Shortly after Chief Rakosnik was sworn in as the new Fire Chief, the Village Of Villa Park recognized a long list of Police Officers and Firefighter/Paramedics who were called to the VFW fire. Before the awards were presented by Village President Tom Cullerton, the VFW Commander Dennis Geiseman stood at the podium and thanked the Village Manager Richard Keehner for providing resources to the VFW Post immediately after the fire. Commander Geiseman then turned his attention to the dozens of Villa Park Police and Fire personnel that responded to the VFW. In heartfelt words Geiseman thanked them for their actions. “It could have been much worse. From the bottom of my heart I thank you and from the veterans at the VFW Post they thank you from the bottom of their hearts.”, Commander Geiseman said.

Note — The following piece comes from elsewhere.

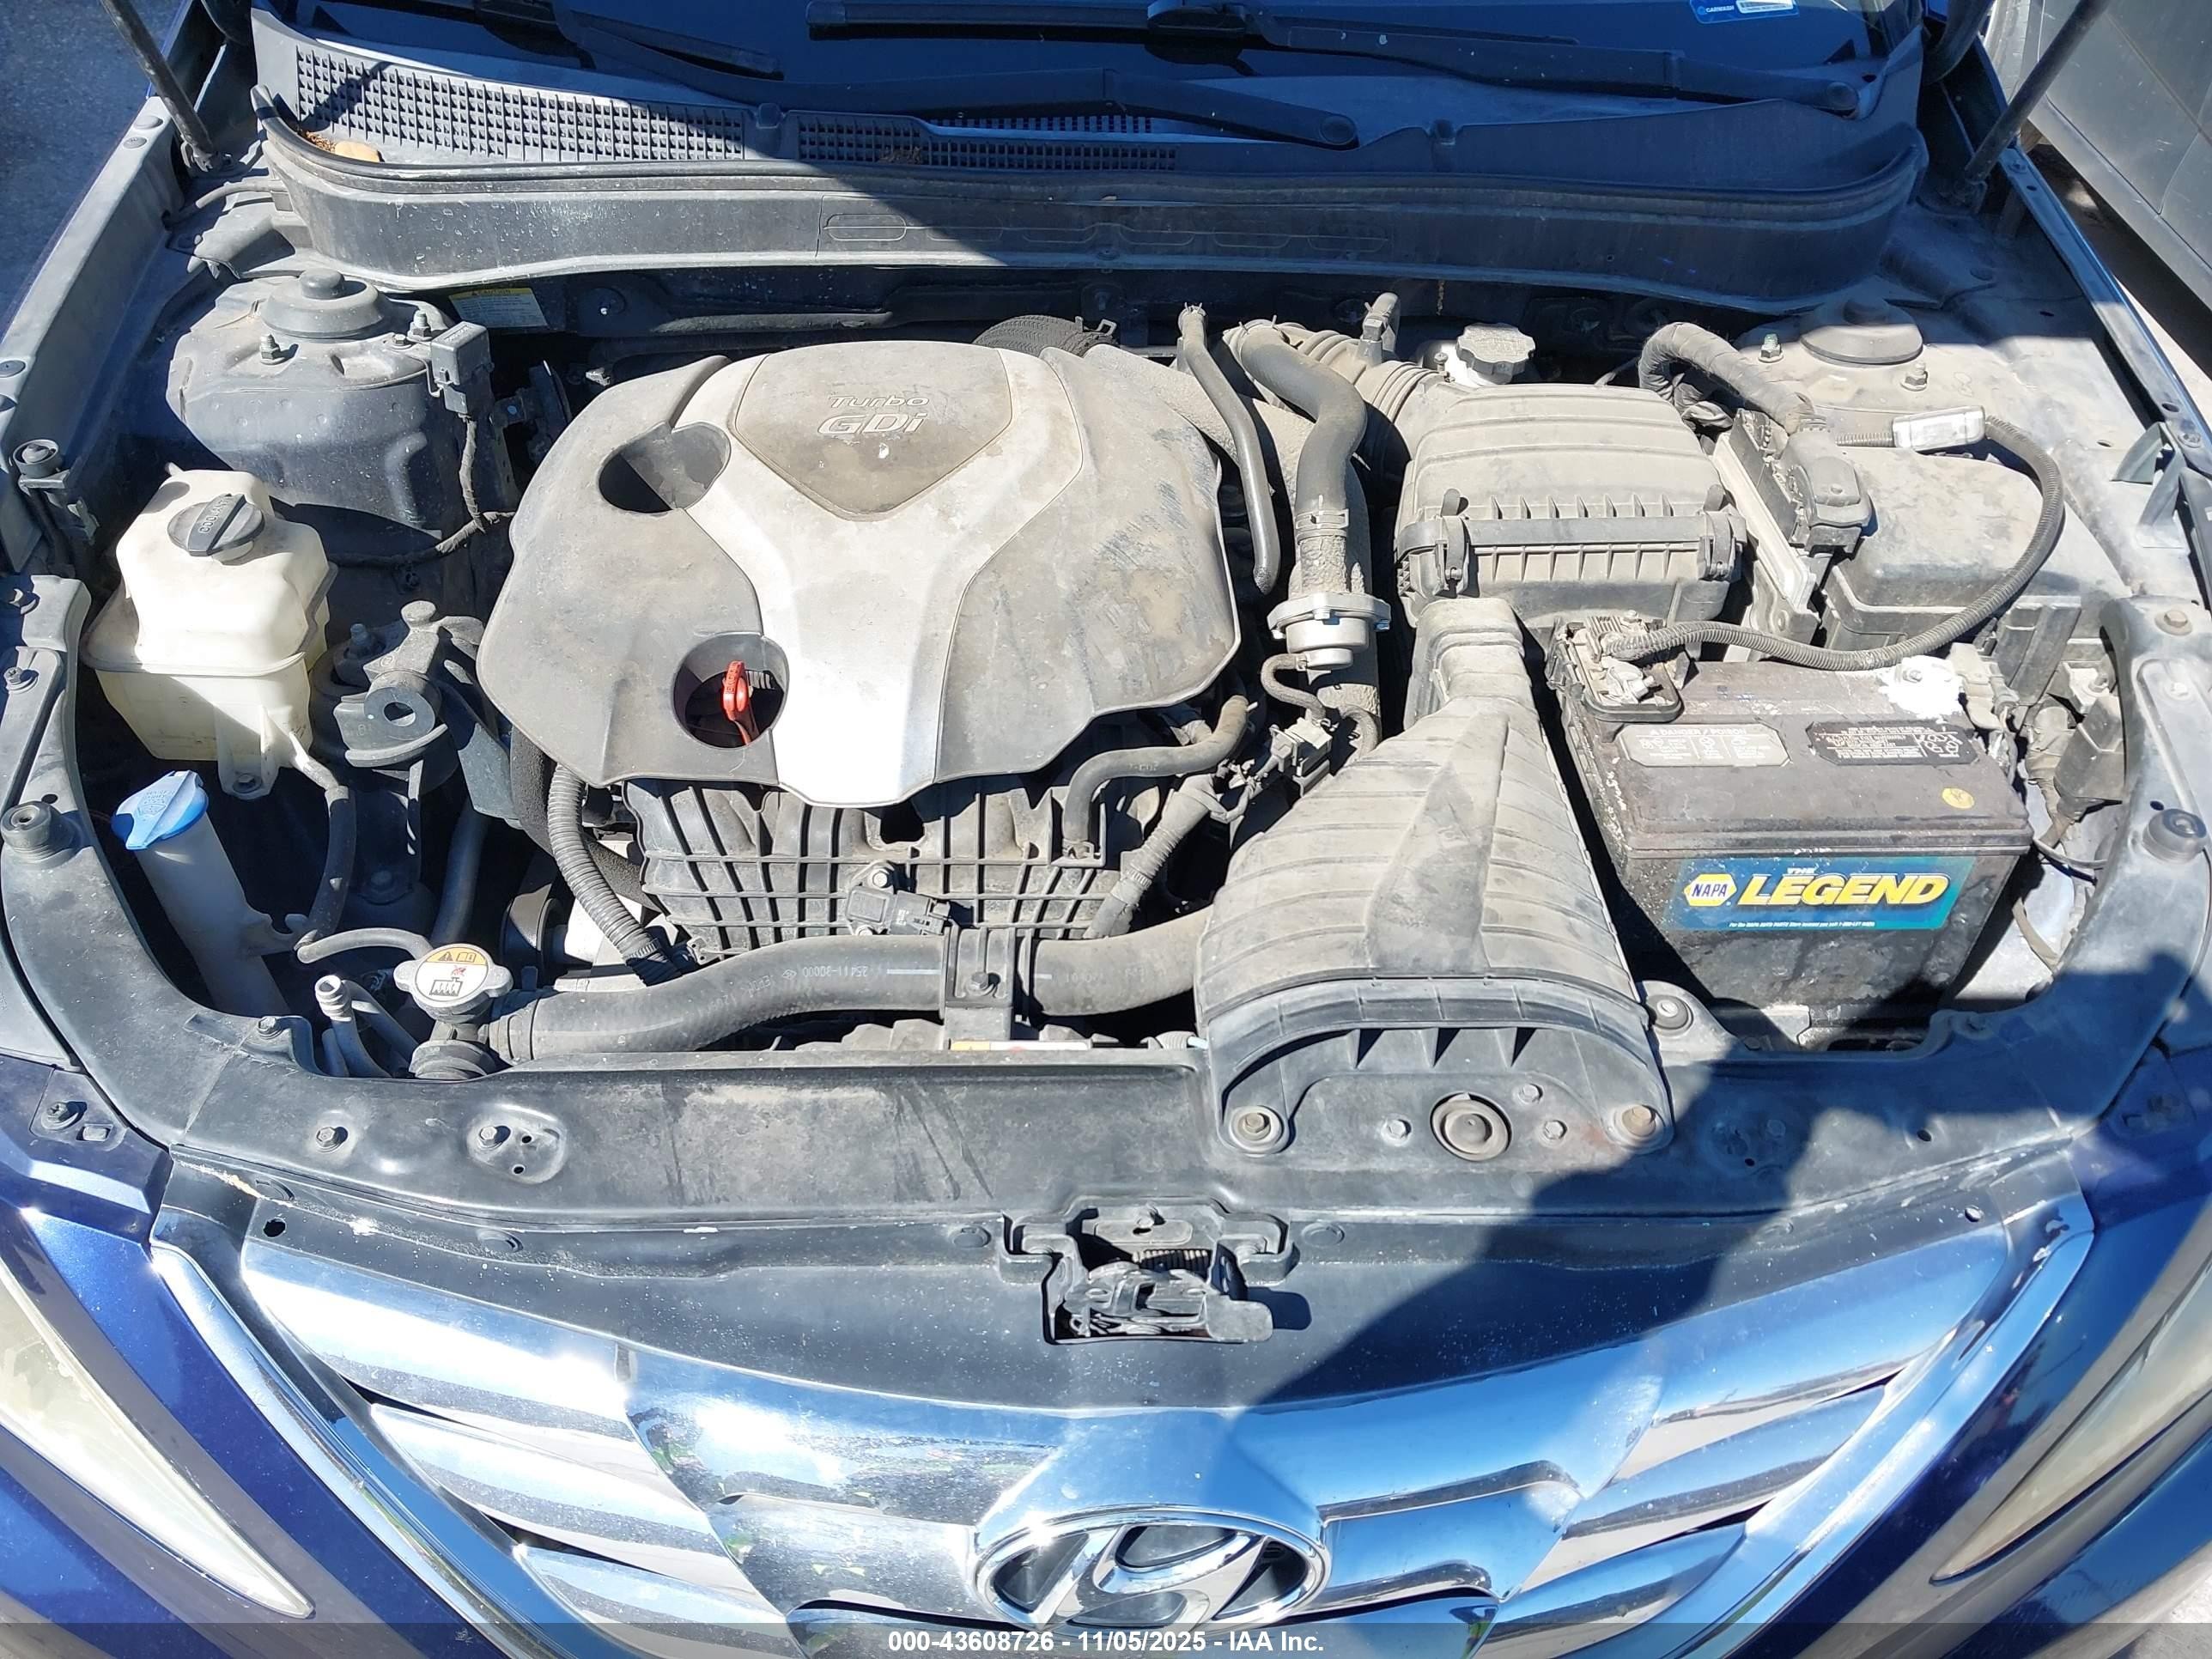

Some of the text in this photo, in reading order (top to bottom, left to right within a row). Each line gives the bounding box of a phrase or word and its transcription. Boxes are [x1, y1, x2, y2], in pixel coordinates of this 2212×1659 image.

[829, 395, 930, 408] Turbo
[817, 412, 928, 434] GDi
[1691, 883, 1728, 897] NAPA
[1738, 873, 1950, 906] LEGEND

Then, starting with Villa Park Lieutenant Esposito, who was in command of the Police at the scene, President Cullerton presented a certificate to first responders. Some were on duty and could not receive the award in person. Here are just a few specific acts of heroism and professionalism that these men and women demonstrated at the VFW Fire.

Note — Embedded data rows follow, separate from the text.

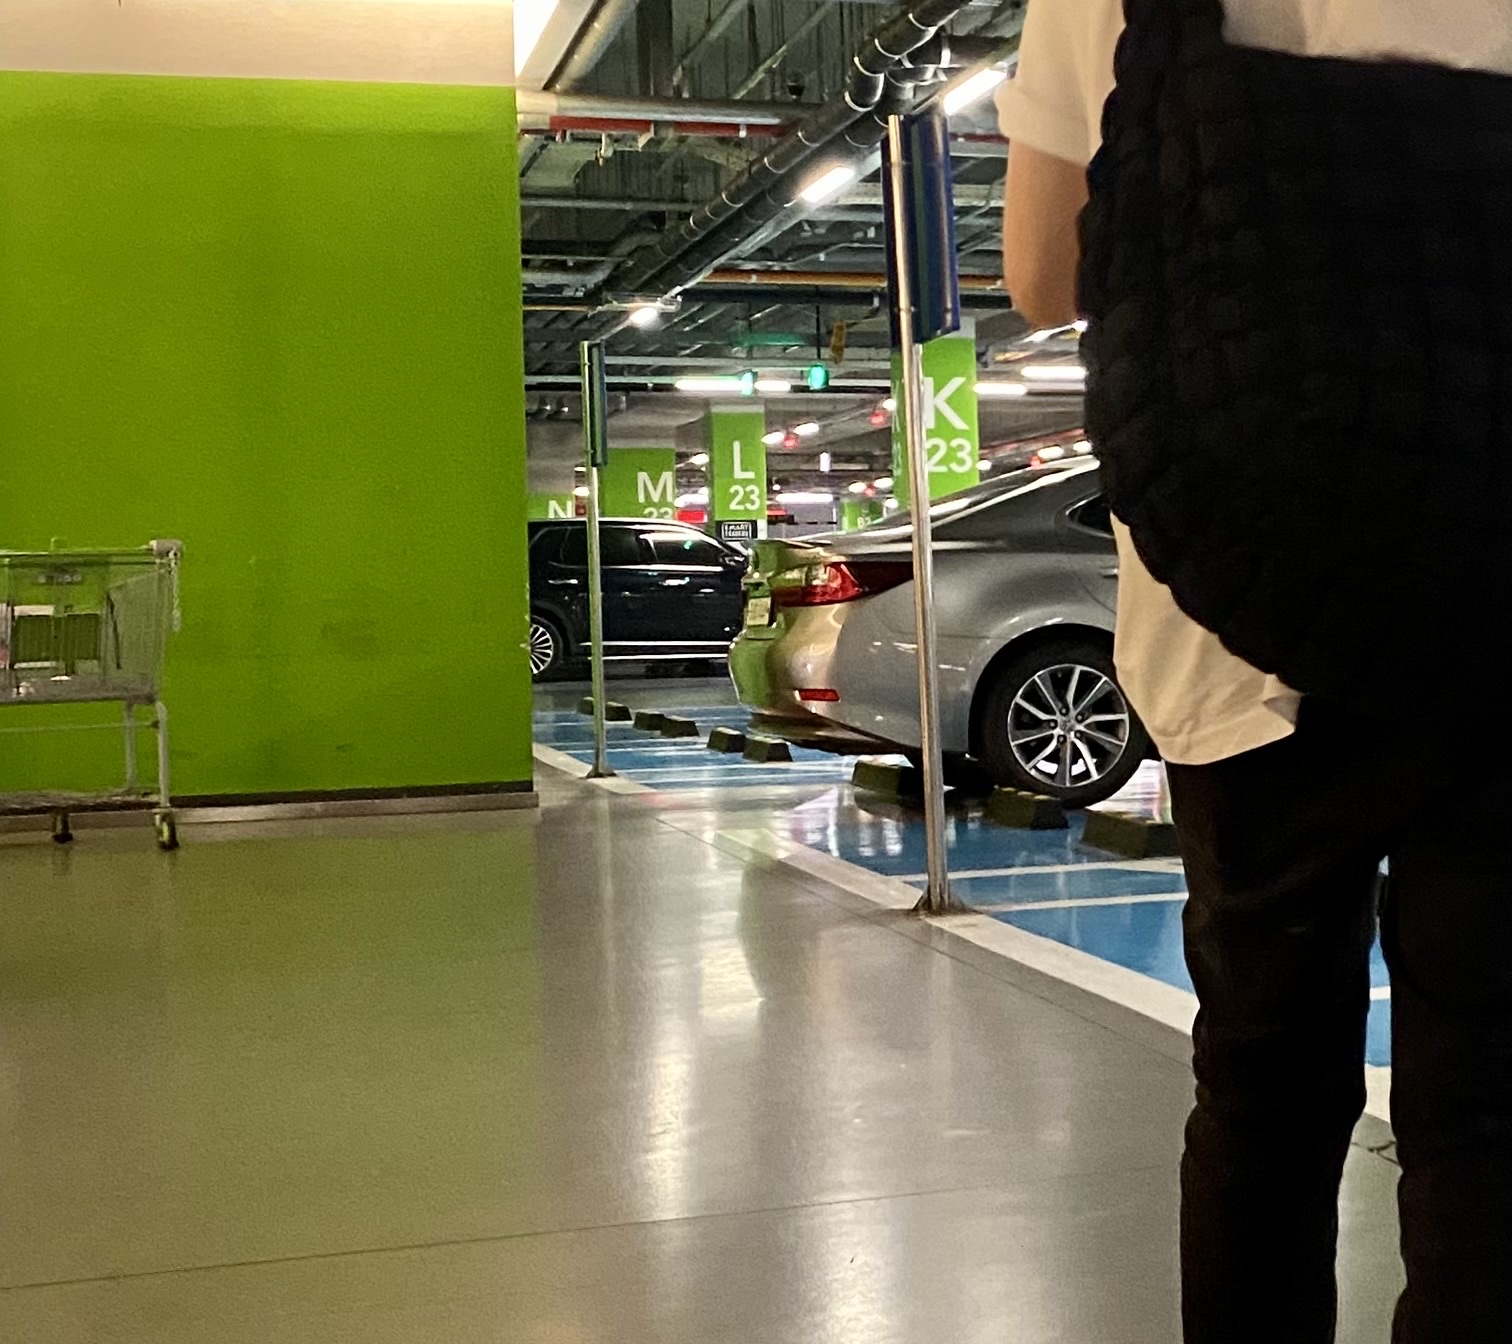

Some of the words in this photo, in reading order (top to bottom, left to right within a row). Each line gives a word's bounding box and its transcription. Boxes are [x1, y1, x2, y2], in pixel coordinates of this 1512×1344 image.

[923, 376, 970, 431] K
[732, 440, 756, 480] L
[925, 437, 973, 473] 23
[636, 471, 674, 504] M
[728, 484, 761, 511] 23
[547, 500, 572, 519] N

The Villa Park Police Department was the first to arrive at the fire. They observed the smoke coming from the VFW and reported to the dispatchers while quickly entering the front of the building. One of the first to arrive was Officer Savara. He entered the VFW and helped potential victims find their way through the smoke and heat to the exits. Officer Savara did so instinctively and continued to help victims being brought to the front of the property until Firefighters arrived.

The first arriving Villa Park Fire units immediately entered the smoke filled building to locate more inside the VFW and also attack the still burning gun range on the lower level. Fire Lieutenant Dave Trotter, Firefighter/Paramedic Dave Richardson, Firefighter/Paramedic Gonzales and Fire Deputy Chief Steve Stapleton went to the source of the fire and extinguished it. Firefighter/Paramedic Jeff Sparger took over the care and triage of those who were burned and affected by heavy smoke. As this was occurring more fire units were arriving.

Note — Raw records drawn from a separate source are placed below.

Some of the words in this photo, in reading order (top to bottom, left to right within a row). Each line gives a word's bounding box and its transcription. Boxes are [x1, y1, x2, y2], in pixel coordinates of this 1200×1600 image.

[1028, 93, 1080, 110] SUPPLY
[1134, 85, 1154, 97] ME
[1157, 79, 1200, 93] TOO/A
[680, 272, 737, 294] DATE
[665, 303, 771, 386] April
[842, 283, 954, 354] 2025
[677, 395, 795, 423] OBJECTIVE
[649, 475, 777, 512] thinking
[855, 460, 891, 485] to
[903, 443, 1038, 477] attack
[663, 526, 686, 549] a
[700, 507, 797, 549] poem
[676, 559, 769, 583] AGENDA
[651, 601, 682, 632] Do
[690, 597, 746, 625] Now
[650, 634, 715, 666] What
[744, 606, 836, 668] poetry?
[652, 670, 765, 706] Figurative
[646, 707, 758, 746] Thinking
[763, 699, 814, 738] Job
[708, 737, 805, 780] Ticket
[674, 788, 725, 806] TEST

Police Department personnel were in the command of Police Lieutenant Genaro Esposito. Lt. Esposito orchestrated the closing and rerouting of traffic on St. Charles Road. Other Police under his command secured the building and personnel who were inside the VFW at the time of the fire. At some point one of the police officers, Sgt. Tyson Johnson noticed a hand waving in the window near the side door of the VFW. Sgt. Johnson broke the window and pulled VFW Jr. Vice Commander Sid Bergh through the window to safety.

These are just a few of the many remarkable actions taken at the VFW by Fire and Police that were recognized on Monday night in Villa Park. A much more somber headline could easily have been written if each one of the heroes were not at the VFW. When the firefighters left the VFW they had a busy night answering more calls, their fire gear still dirty from debris. “We just go to the next call”, one fighter said a few days later.

In less than 12 hours a major public works project was completed, a new Fire Chief took the reins and dozens of life saving actions by police and firefighters were highlighted. Each one significant and noteworthy events. When all together they become remarkable.